El Hospital Nuestra Señora de Candelaria realizó casi 8.000 diálisis peritoneales domiciliarias en 2018

— Santa Cruz de Tenerife 26 Jul, 2019 - 2:13 pm

El Servicio de Nefrología del Hospital Universitario Nuestra Señora de Candelaria en Tenerife ha informado acerca de la diálisis peritoneal domiciliaria, una opción terapéutica en el tratamiento de la enfermedad renal crónica (ERC) que permite una mayor autonomía de los personas que la sufren, y de la cual este centro llevó a cabo casi 8.000 sesiones en 40 pacientes durante 2018.

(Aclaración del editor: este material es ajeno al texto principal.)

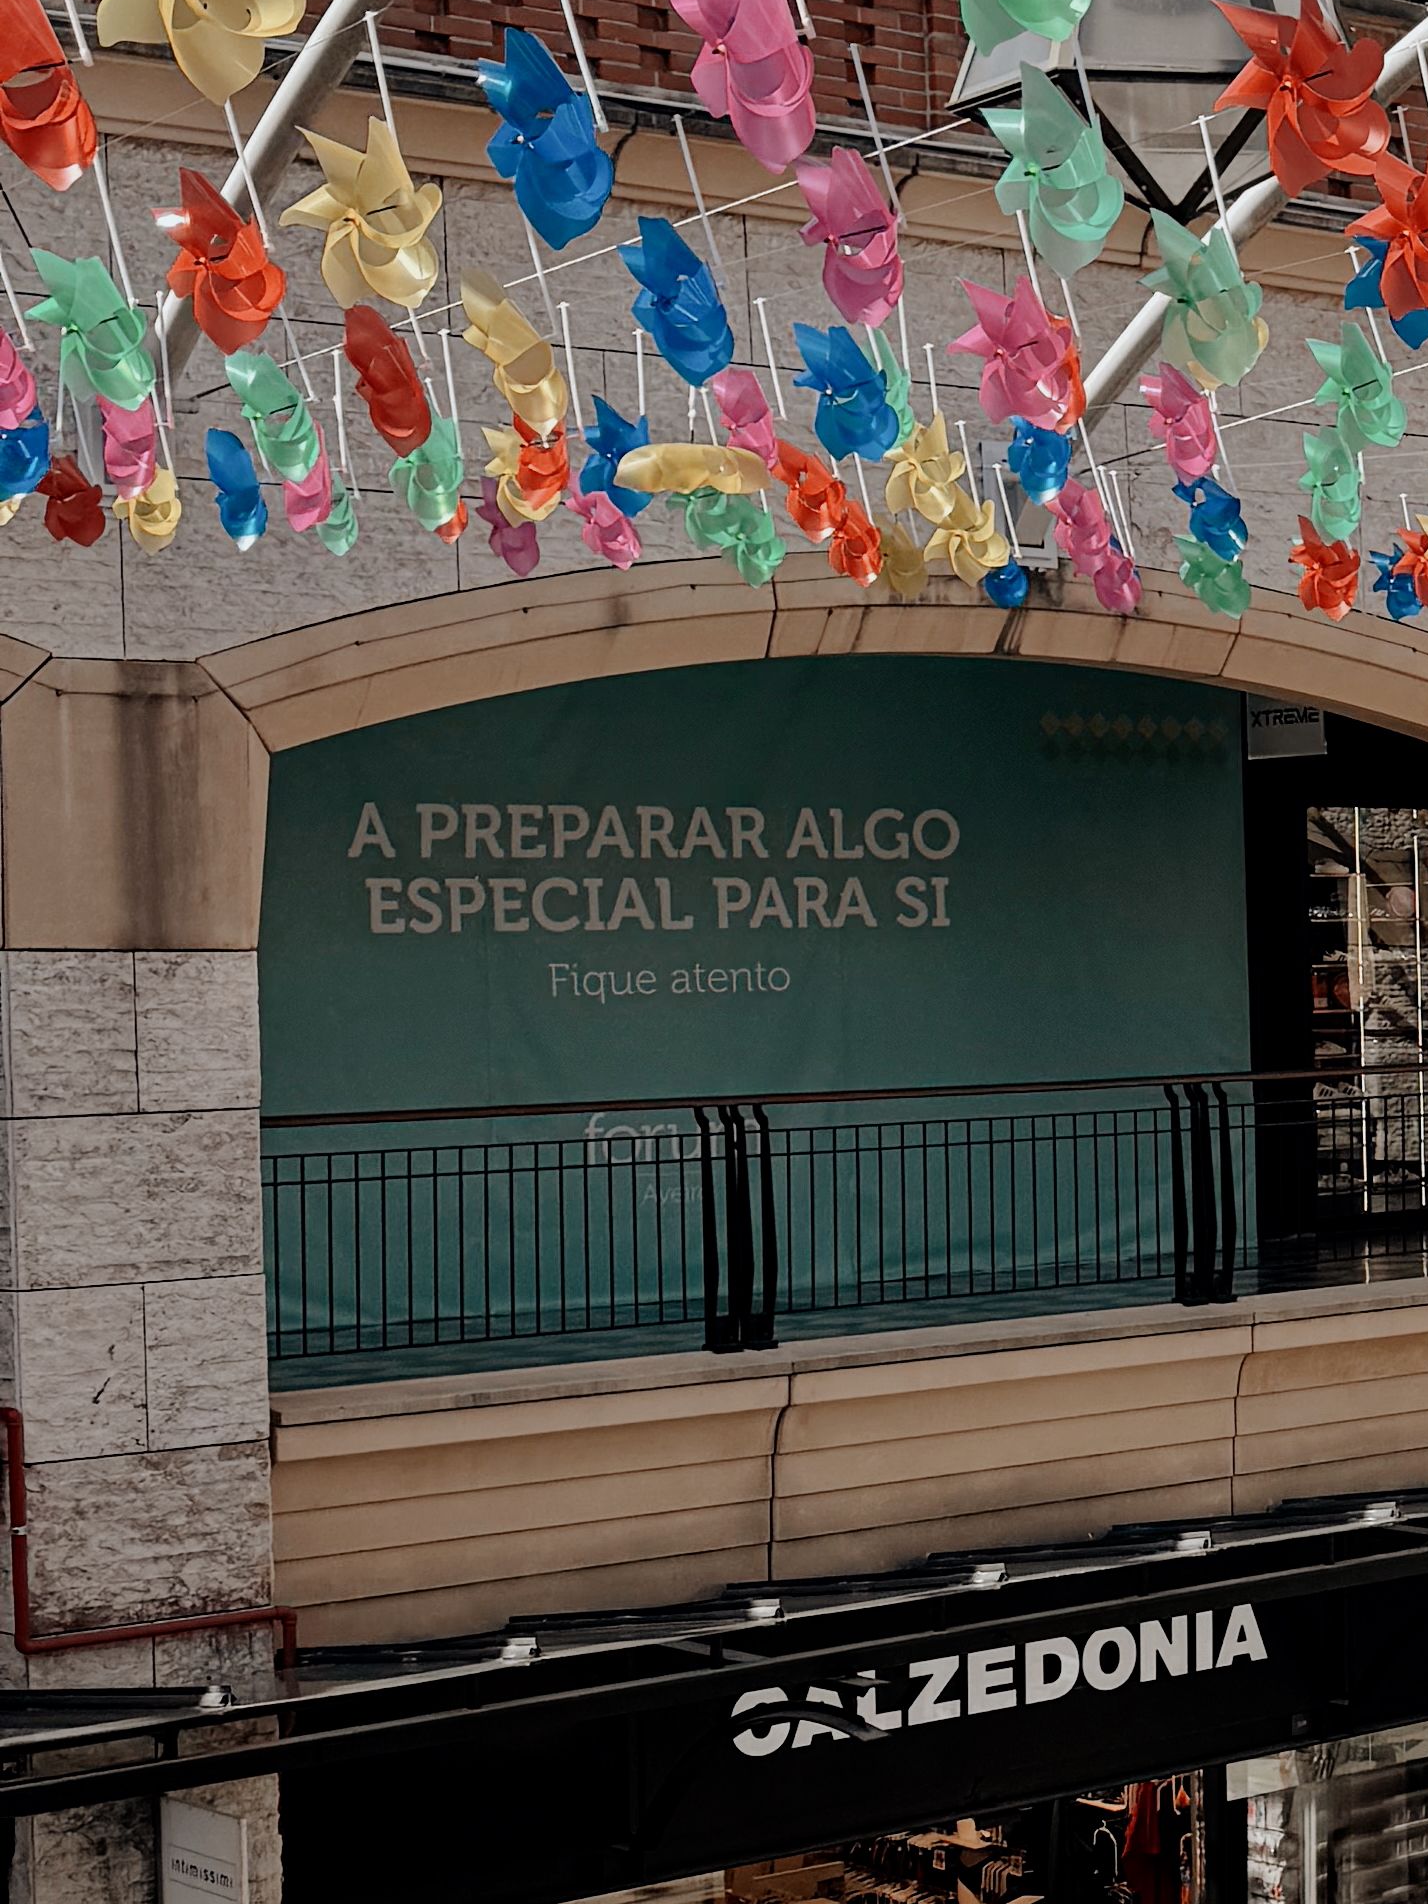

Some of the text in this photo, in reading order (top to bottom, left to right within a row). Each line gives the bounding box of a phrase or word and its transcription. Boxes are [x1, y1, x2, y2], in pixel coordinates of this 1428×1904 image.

[1250, 706, 1320, 728] XTREME
[348, 802, 962, 861] A PREPARAR ALGO
[365, 875, 951, 934] ESPECIAL PARA SI
[549, 961, 792, 1004] Fique atento
[729, 1602, 1268, 1757] CALZEDONIA
[170, 1857, 234, 1890] intimissimi

La diálisis es un tipo de proceso mecánico externo que sustituye la función de los riñones cuando éstos no pueden realizarla por sí solos, lo que incluye la filtración de toxinas en la sangre y el exceso de líquido que no se elimina a través de la orina. Para este tratamiento el paciente debe servirse de un dispositivo externo que se conecta a través de un catéter. Éste limpia la sangre de impurezas a través de la diálisis, según recoge el Gobierno de Canarias.

«Se trata de una terapia que ocupa varias horas diarias y que  constituye la principal opción terapéutica hasta que se realice un trasplante renal. Este proceso se lleva a cabo en los centros hospitalarios y también en el domicilio del paciente si cumple los criterios médicos establecidos», amplía el Gobierno canario. El Hospital Nuestra Señora de Candelaria cuenta con la Unidad de Enfermedad Renal Crónica para informar a los pacientes con esta patología durante el proceso, y con la misma Unidad de Diálisis Peritoneal.

Ventajas de la terapia

La diálisis peritoneal domiciliaria tiene como objetivo la mejora de la calidad de vida en los pacientes con ERC permitiendo realizar la terapia desde su casa, e incluso por las noches. Según el jefe del Servicio de Nefrología del centro, el doctor Manuel Macía, «lo ideal» sería que al menos el 30 por ciento de estos pacientes se beneficiara de este tipo de alternativa.

Sin embargo, este mismo especialista apunta que numerosos  pacientes deciden no optar a este tratamiento en sus casas por desconocimiento, miedo o inseguridad a la hora de manejar los dispositivos, «una situación que se revierte con información».